> _Exercise data_:
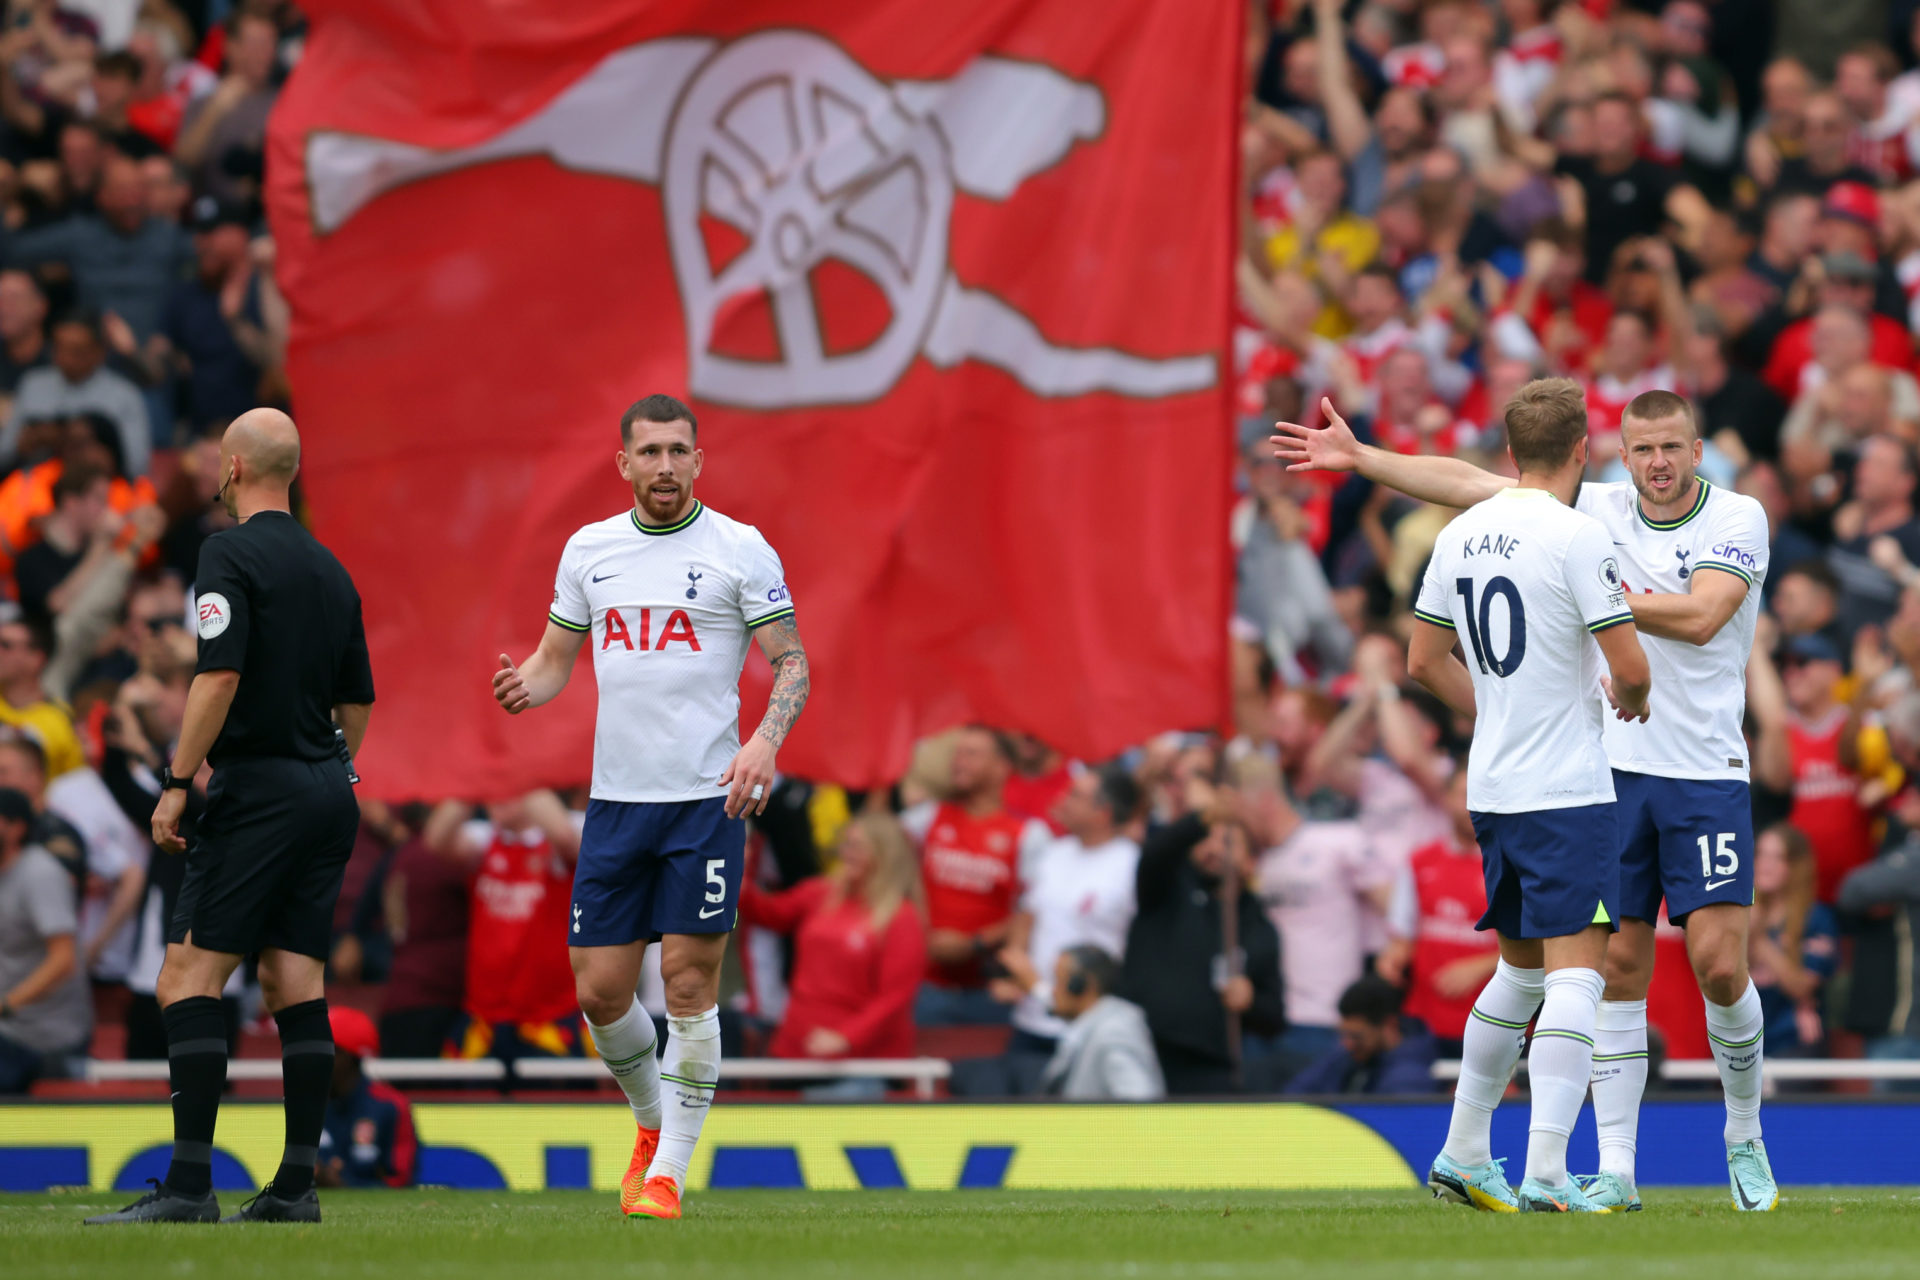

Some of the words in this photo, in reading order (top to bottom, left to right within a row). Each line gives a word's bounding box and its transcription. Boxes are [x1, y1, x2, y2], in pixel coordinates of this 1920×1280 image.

[1464, 533, 1520, 560] KANE
[1711, 540, 1756, 570] cinch
[767, 580, 790, 602] cin
[199, 603, 223, 621] EA
[200, 616, 224, 630] SPORTS
[601, 608, 702, 651] AIA
[1456, 575, 1527, 679] 10
[1696, 832, 1739, 878] 15
[704, 859, 726, 903] 5
[1591, 1067, 1621, 1076] URS

> _Your instructions_: Here the records must be restated exactly, minus any images.

> _Answer for the task_:
Some of the words in this photo, in reading order (top to bottom, left to right within a row). Each line gives a word's bounding box and its transcription. Boxes are [x1, y1, x2, y2], in pixel coordinates of this 1920×1280 image.

[1464, 533, 1520, 560] KANE
[1711, 540, 1756, 570] cinch
[767, 580, 790, 602] cin
[199, 603, 223, 621] EA
[200, 616, 224, 630] SPORTS
[601, 608, 702, 651] AIA
[1456, 575, 1527, 679] 10
[1696, 832, 1739, 878] 15
[704, 859, 726, 903] 5
[1591, 1067, 1621, 1076] URS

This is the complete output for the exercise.